ところで都道府県知事が土地区画整理事業を施行する場合、その事業計画には建設省令の定めるところにより施行地区設計及び資金計画を定むべきものとされ(土地区画整理法第六十六条第六十八条第六条)、設計については設計説明書及び設計図を作成し、施行地区の現況、事業施行前後における宅地合計面積の比率、宅地全体(個人所有の宅地単位に記入されるのではないから、個人個人にどのような換地が指示される予定か、この段階では未だ特定されない)の形状位置の比較等を説明し、設計図では公共施設並びに鉄道軌道官公署学校等の用に供する宅地の形状位置を現況と比較しながら図示されるべきものとしている(土地区画整理法施行規則第六条乃至第九条)。従つて設計図面で個人所有の宅地が道路敷その他公共用施設の敷地として図示されることが勿論あるけれども、さような事業計画が決定されただけでは、未だその個人の宅地所有権を消滅乃至変更させる効果を生ずるものではない。それは事業計画が公告された場合でも同様である。要するに事業計画は、謂わば建築工事における設計図のような役目を果たすものであつて、これが決定は地区内の宅地建物の所有権その他の権利に直接具体的な変動を来たす効果があるものではなく、区画整理事業が進んで仮換地の指定等個々の処分がなされるに及んで直接具体的な法律効果を発生せしめるものである。勿論事業計画が公告されると、土地区画整理法第七十六条第一項により地区内に於ては建築物の新築等が制限され、又同法第八十五条により権利の申告をしなければならないなど地区内の関係者にある種の規制が加えられることは、控訴人の主張する通りであるが、それは一般的抽象的のものであつて、これらの規定に違反した者に対し同法第七十六条第四項第五項の原状回復、移転、除却を命ずる処分がなされて始めて直接具体的な権利変動を来たすものというべきである。従つて控訴人中村五市、岩波功を除くその余の控訴人は未だ直接具体的な変動を受けていないから本件無効確認を求めることは許されない。

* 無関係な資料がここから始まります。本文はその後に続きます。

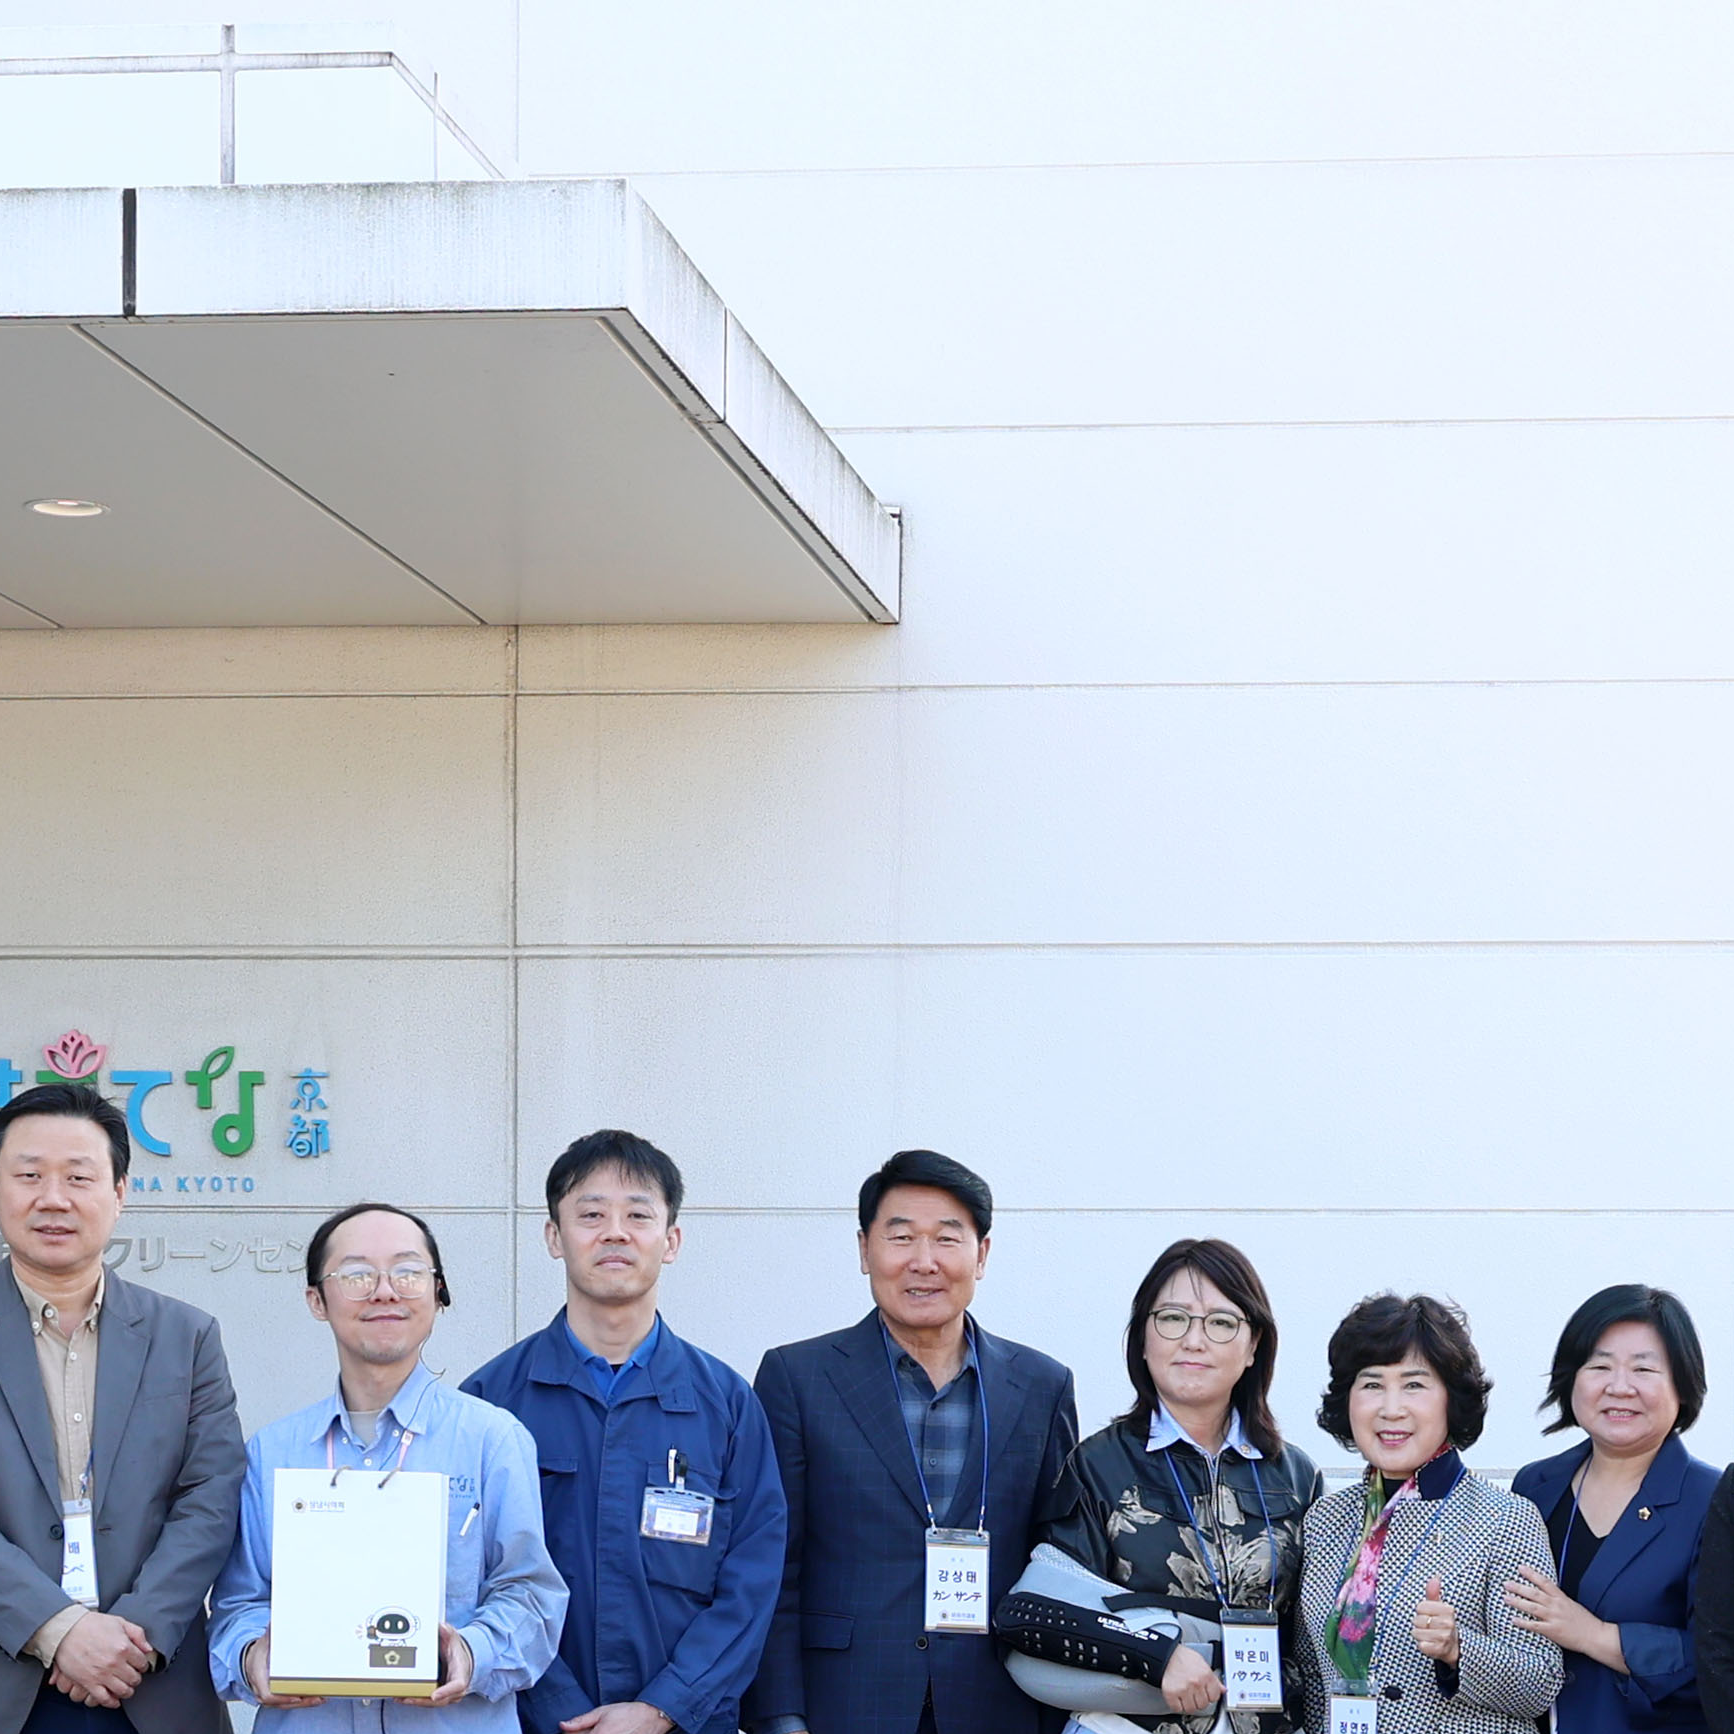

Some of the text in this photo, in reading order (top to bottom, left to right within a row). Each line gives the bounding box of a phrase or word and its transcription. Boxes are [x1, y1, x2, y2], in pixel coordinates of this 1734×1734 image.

ただ昭和三十四年三月二十六日控訴人中村五市に対し、同年八月二十四日控訴人岩波功に対し、夫々被控訴人より土地区画整理法第七十七条第二項により仮換地の指定等に伴う「移転通知」がなされたことは弁論の全趣旨に照らし当事者間に争がなく、仮換地の指定等により右控訴人両名の建物敷地に対する権利に直接具体的な変動を来たすから、右両名は「移転通知」を待たずに仮換地の指定等の処分に対し所定の手続を経て不服の訴を提起しうることは勿論である。然しながらこの場合でも、かように直接具体的な法律効果を発生せしめる仮換地指定等の処分に対して不服申立をなし得るに止り、かような直接具体的法律効果を生じない、謂わば中間段階の行政処分というべき前記事業計画そのものに対しこれを対象として無効確認を求める法律上の利益を有しないものと解するのを相当とする。(この理はその地区内に土地、家屋を所有又は賃借しているというその他の控訴人らについても同様である。即ち中村、岩波以外の各控訴人に対してはこの点からも本訴を許し得ないものと云わねばならない。なお控訴人らは本事業計画の無効原因について種々主張しているけれども、確認の利益に関する上記判示は無効原因の如何によつて差異を生じない。)

よつて控訴人らが前記第二次変更計画(昭和三十五年三月三十一日附建設省東計第一一七号を以て設計変更の認可のあつた被控訴人の東京都市計画第三〇地区の復興土地区画整理事業計画)の無効確認を求める本訴請求は不適法であるから、原審が右変更前の計画について判示する通りこれを却下する外なく、従つて原判決は相当であつて本件控訴は理由がない。よつて民事訴訟法第三百八十四条第九十五条第八十九条第九十三条を各適用して主文の通り判決する。